A pandemia provocada pelo coronavírus tem imposto demandas extraordinárias a líderes dentro e fora das empresas. O número de vítimas e o ônus humanitário da COVID-19 provocam medo entre funcionários e outros stakeholders. A escala gigantesca do surto e sua absoluta imprevisibilidade tornam excepcionalmente difícil para os executivos reagirem à altura. E, de fato, as características desse surto apontam para uma crise de proporções colossais: trata-se de um evento ou sequência de eventos inesperados, em escala gigantesca e rapidez avassaladora, resultando em altíssimo grau de incerteza e provocando desorientação, a sensação de perda de controle e forte perturbação emocional1.

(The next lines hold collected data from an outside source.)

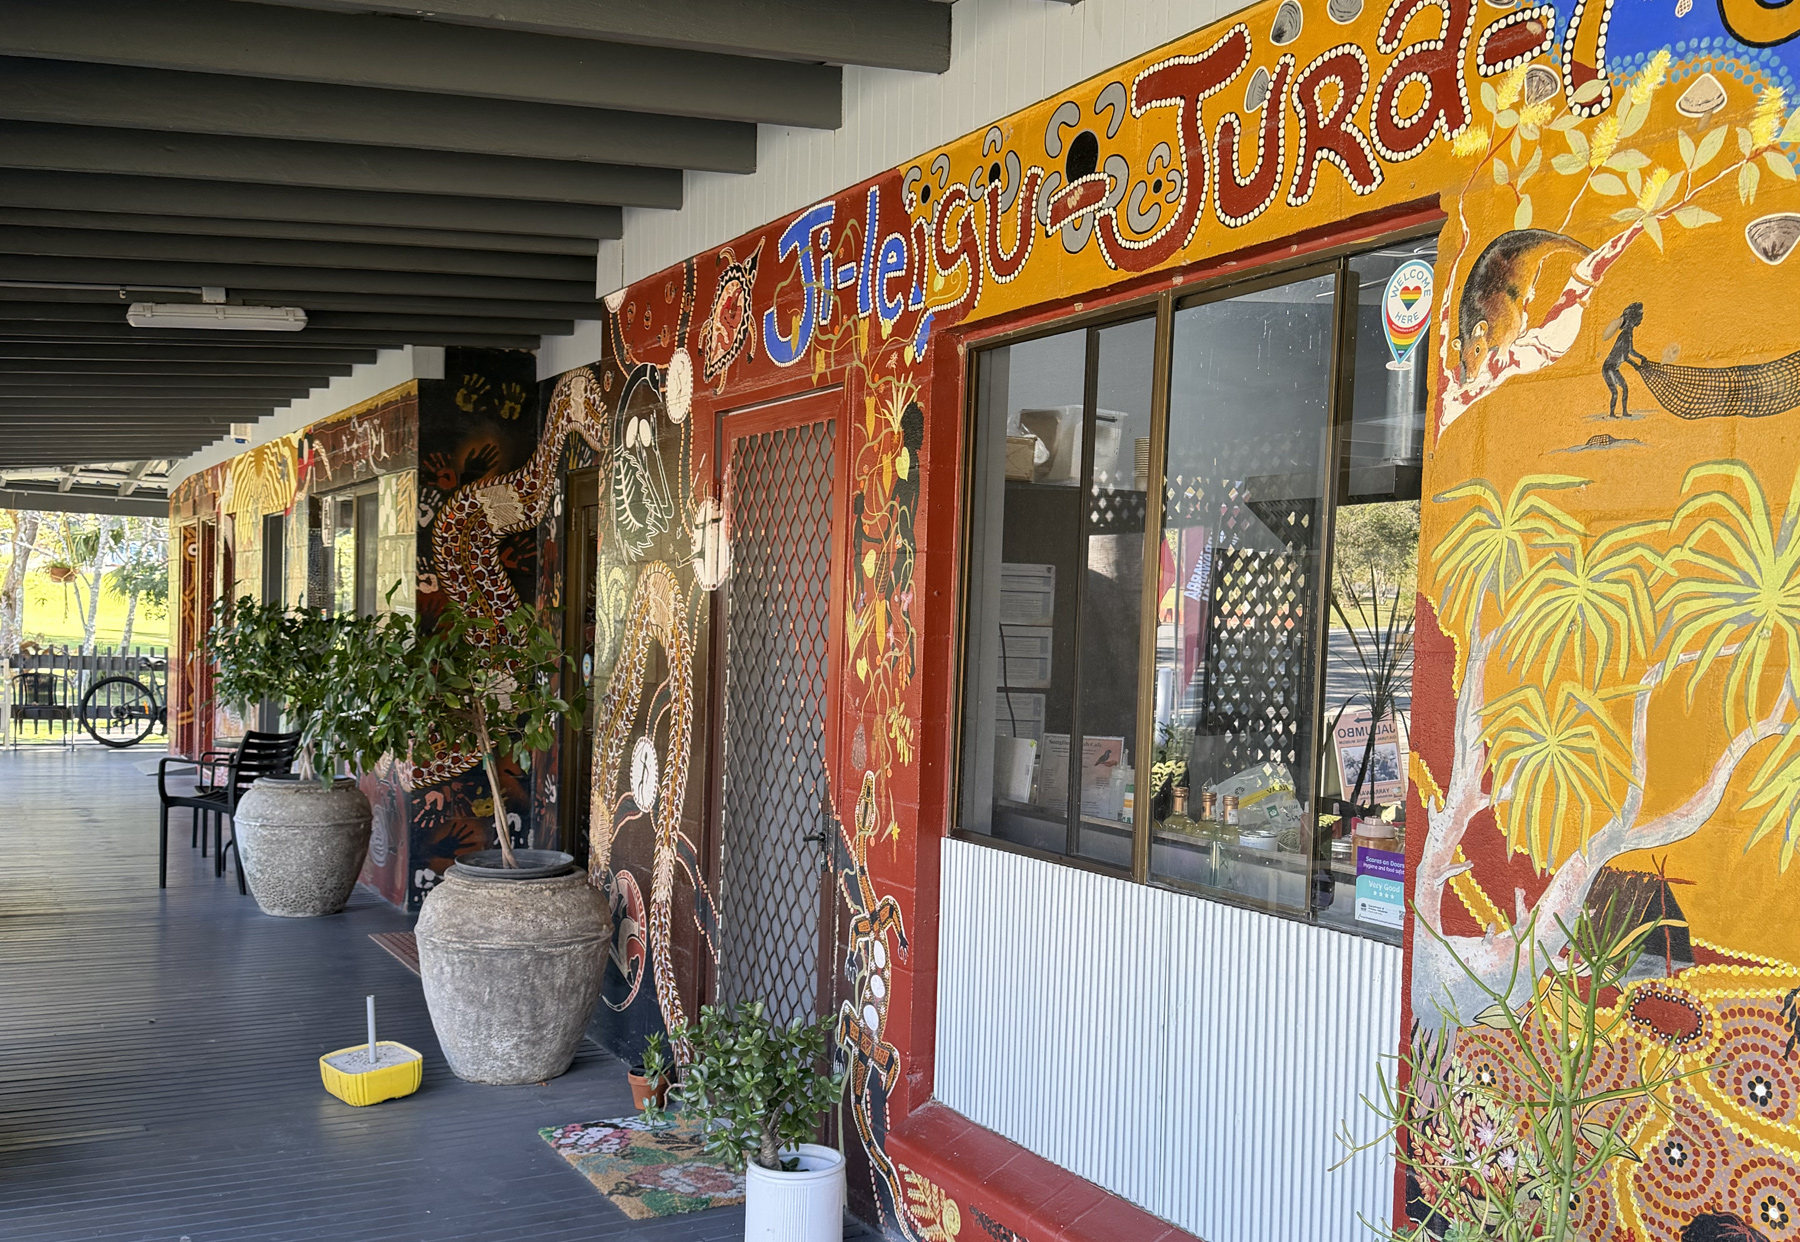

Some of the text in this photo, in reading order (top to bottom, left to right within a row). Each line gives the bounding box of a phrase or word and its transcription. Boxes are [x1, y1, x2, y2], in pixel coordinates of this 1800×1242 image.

[1390, 269, 1431, 298] WELCOME
[1395, 311, 1419, 324] HERE
[1365, 856, 1382, 865] Scores
[1390, 860, 1405, 869] Doors
[1368, 880, 1400, 893] Very Good

Reconhecer que a empresa enfrenta uma crise é a primeira coisa que os líderes devem fazer. É um passo difícil, especialmente no início de crises que não chegam repentinamente mas surgem de circunstâncias familiares que mascaram sua real natureza2. Exemplos de tais crises incluem o surto de SARS em 2002-2003 e, agora, a pandemia do coronavírus. Para que, já no lento desenvolvimento da crise, os líderes consigam enxergar aquilo em que ela poderá se transformar, eles precisam superar o chamado “viés da normalidade”, que pode levá-los a subestimar tanto a possibilidade de a crise ser real como seus impactos3.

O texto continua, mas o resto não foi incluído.